Dans les Territoires palestiniens, où les taux de chômage sont particulièrement élevés chez les jeunes et les femmes, le Groupe de la Banque mondiale a fourni une assistance technique pour rendre possible la création de partenariats professionnels dans le secteur du travail en ligne entre des travailleurs palestiniens et des sociétés internationales de ce secteur.

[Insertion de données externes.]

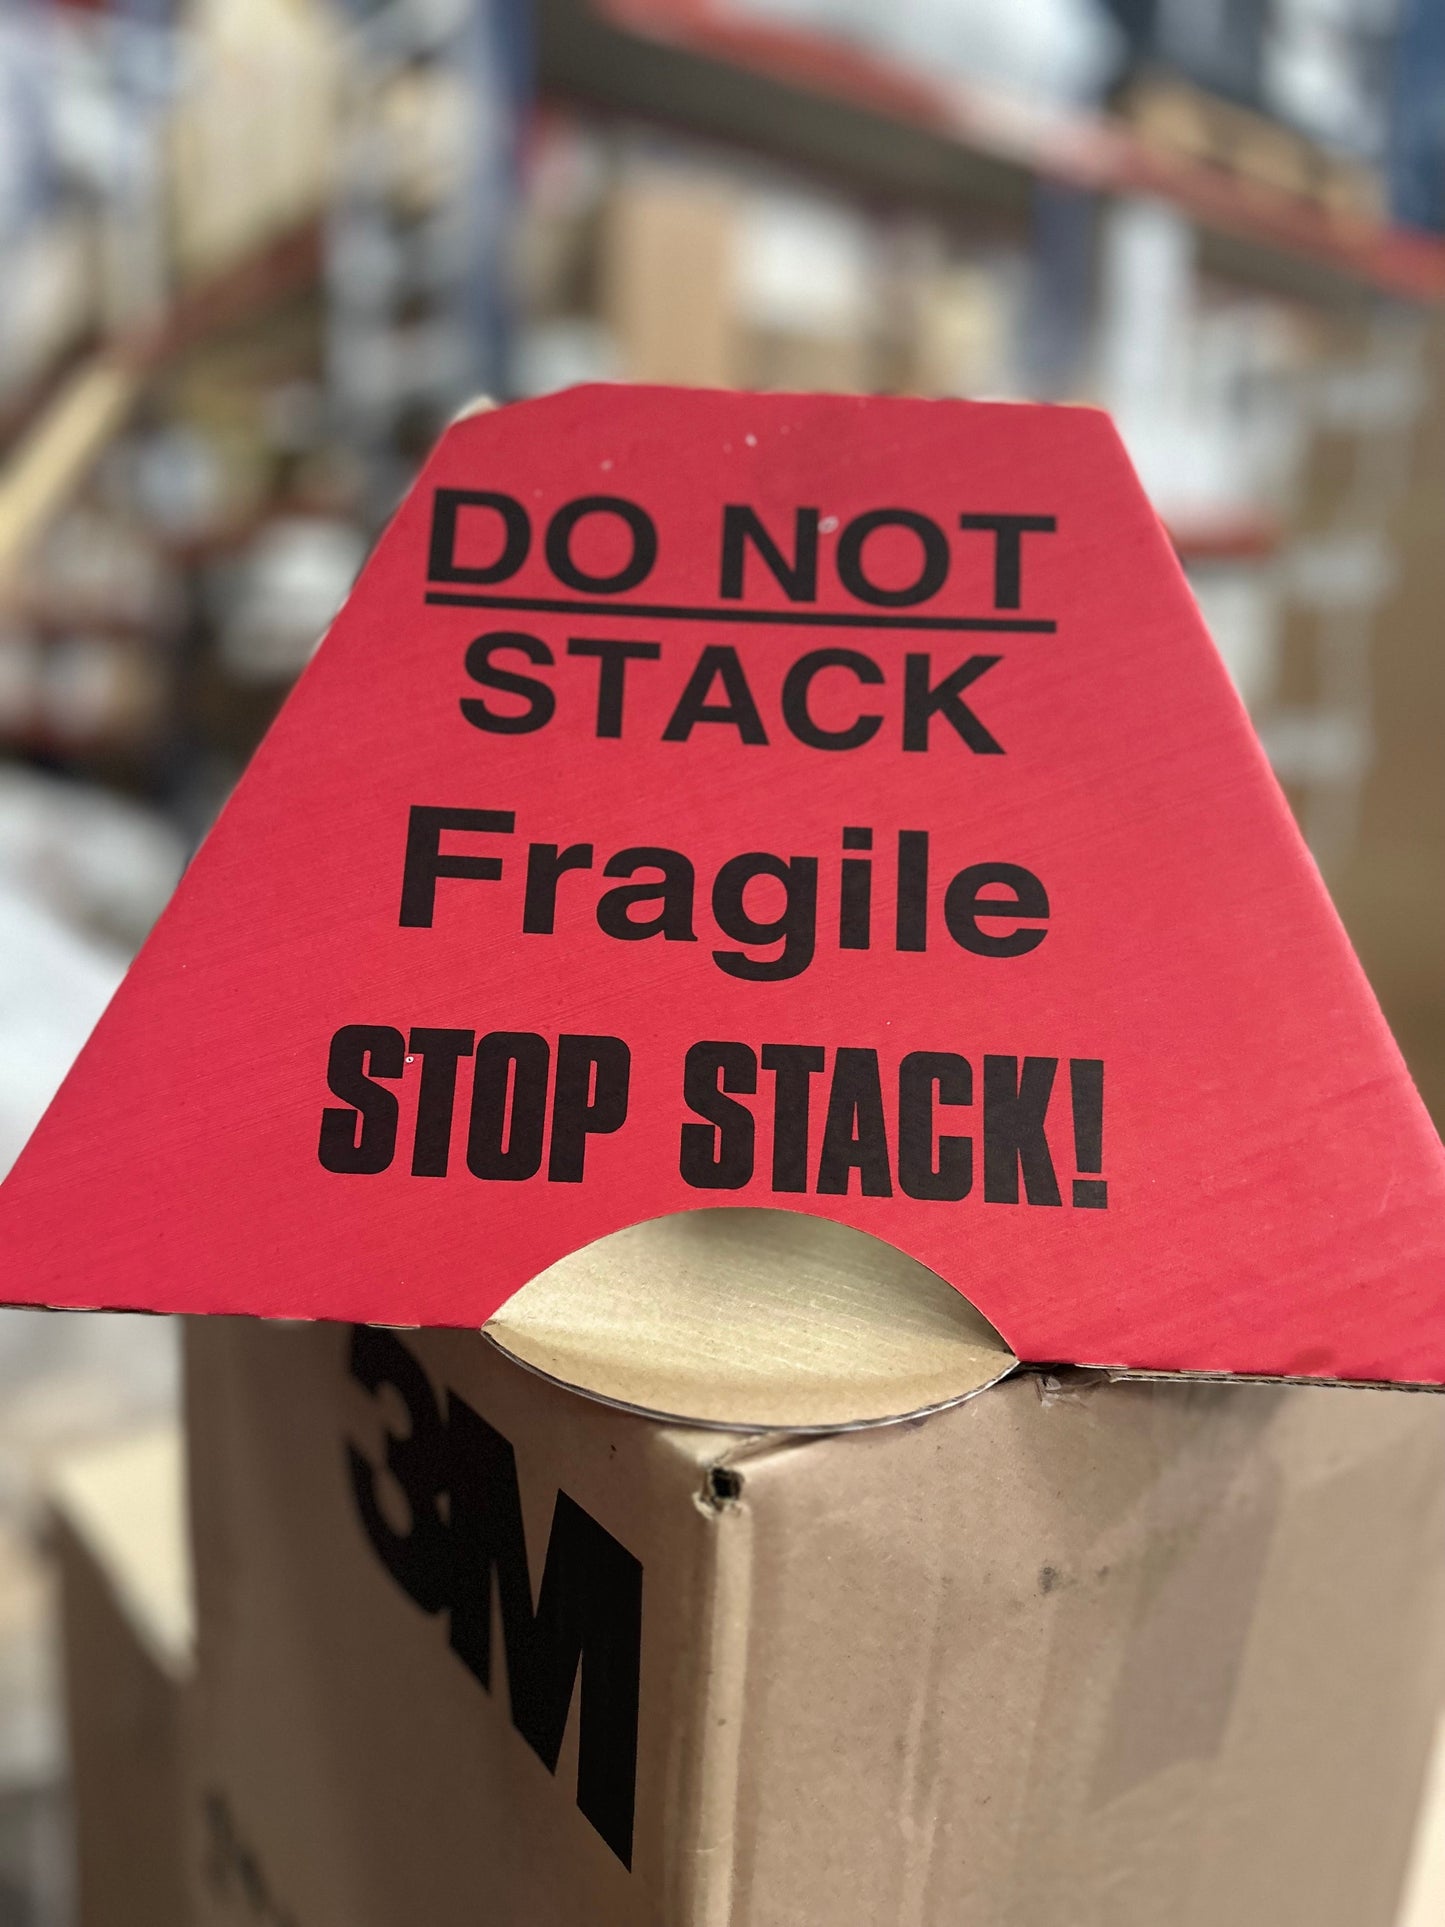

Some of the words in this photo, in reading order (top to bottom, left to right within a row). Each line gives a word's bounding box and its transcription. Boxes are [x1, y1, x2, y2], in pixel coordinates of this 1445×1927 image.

Au Moldova, la Banque mondiale et ses partenaires ont contribué à l'introduction d'un programme ambitieux visant à transformer la prestation des services publics en utilisant les TIC (a), avec notamment la mise en place d’une infrastructure Cloud partagée dédiée au secteur public et le lancement de services en ligne qui ont amélioré les interactions entre les citoyens et l'État. Le portail des services de l'État compte désormais 395 services, dont 95 services en ligne. Le pays s'est vu décerner plusieurs récompenses internationales, notamment par Transparency International.

Partenariats

La Banque mondiale, en collaboration avec d’autres partenaires, s’engage actuellement dans de nouvelles initiatives à qui visent à accroître le soutien apporté aux pays en développement dans le domaine des TIC. Parmi celles-ci, le Digital Development Partnership est un partenariat réunissant des entités du secteur privé, des organisations de développement et d’autres parties prenantes dans le but d’aider les pays à engranger les dividendes du numérique, tandis que la Global Connect Initiative vise à étendre l’accès à l’internet à 1,5 milliard de personnes supplémentaires d’ici 2020.